Segundo, é importante entender o que foi expresso. O brincar ajuda as crianças compreenderem o mundo ao redor, uma vez que as abastece de sensações e vivências que não são oportunizadas em situações controladas. Ao brincar, as crianças experimentam formas distintas de se relacionarem com os objetos, com as situações e com as pessoas. Elas passam a elaborar novas ideias, formulam perguntas sobre o que enfrentam e compreendem o que ocorre ao seu redor.
Um exemplo é a forma como as crianças organizam o espaço do brincar, com diversos objetos que permitem com que as crianças desenvolvam suas habilidades. Ao explorarem os objetos livremente, elas aprendem sobre suas características, como peso, textura e rigidez, e começam a classificá-los de acordo com critérios próprios. Esse processo de exploração e organização autônoma difere significativamente da abordagem em que os adultos impõem limites às ações das crianças, restringindo sua liberdade de interação com os objetos.

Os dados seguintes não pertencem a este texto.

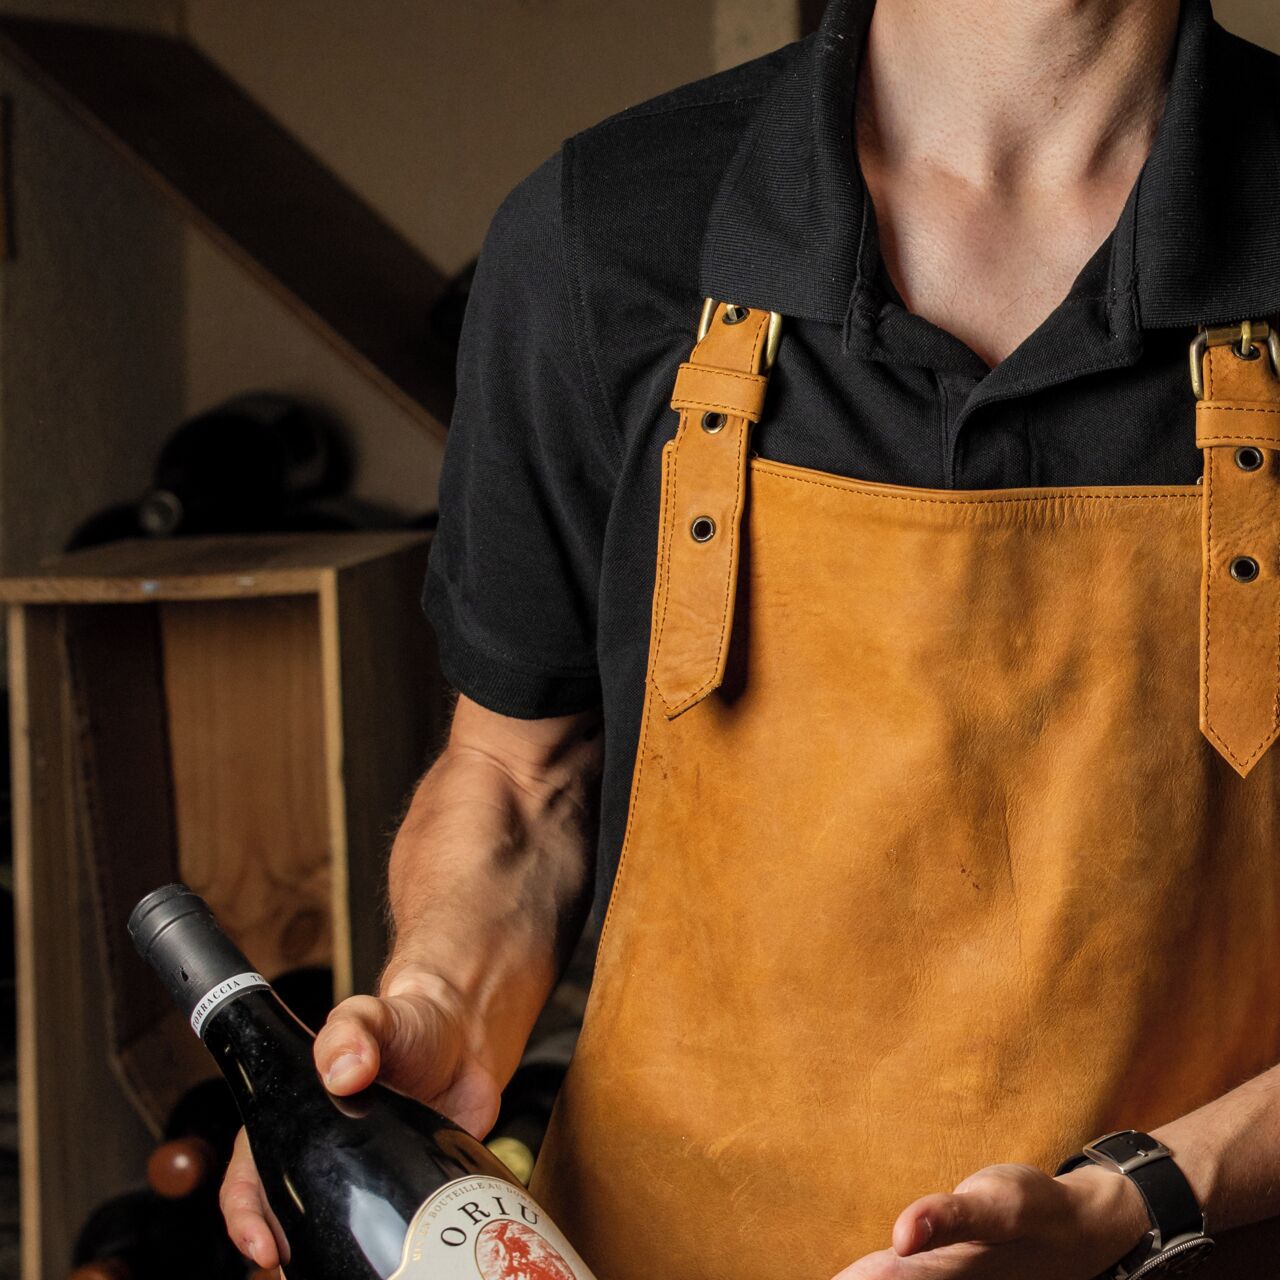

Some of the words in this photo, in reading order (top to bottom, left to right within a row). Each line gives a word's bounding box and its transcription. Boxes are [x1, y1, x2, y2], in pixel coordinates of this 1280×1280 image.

Por fim, o que foi sinalizado pelas crianças nos fez pensar sobre como organizamos a rotina diária na escola. Estamos considerando a necessidade do brincar como um direito fundamental? Acima de tudo, o fato da resistência das crianças ser direta e clara, não se intimidando ao defender o tempo de brincar, surpreendeu nossa equipe. Elas estavam claramente defendendo algo que sabiam ser seu.
Ainda não temos respostas às demandas das crianças. Nos questionamos se, de fato, o tempo dedicado ao brincar é restrito como elas sinalizaram. De todo modo, como escola, temos que nos comprometer tanto com as aprendizagens como com a integralidade das situações que ocorrem no cotidiano escolar. E no compartilhamento de espaços coletivos, um caminho possível é problematizar com as crianças e refletir genuinamente com elas formas de lidar com suas expectativas, sejam em momentos em que são atendidas ou quando são ou se sentem frustradas.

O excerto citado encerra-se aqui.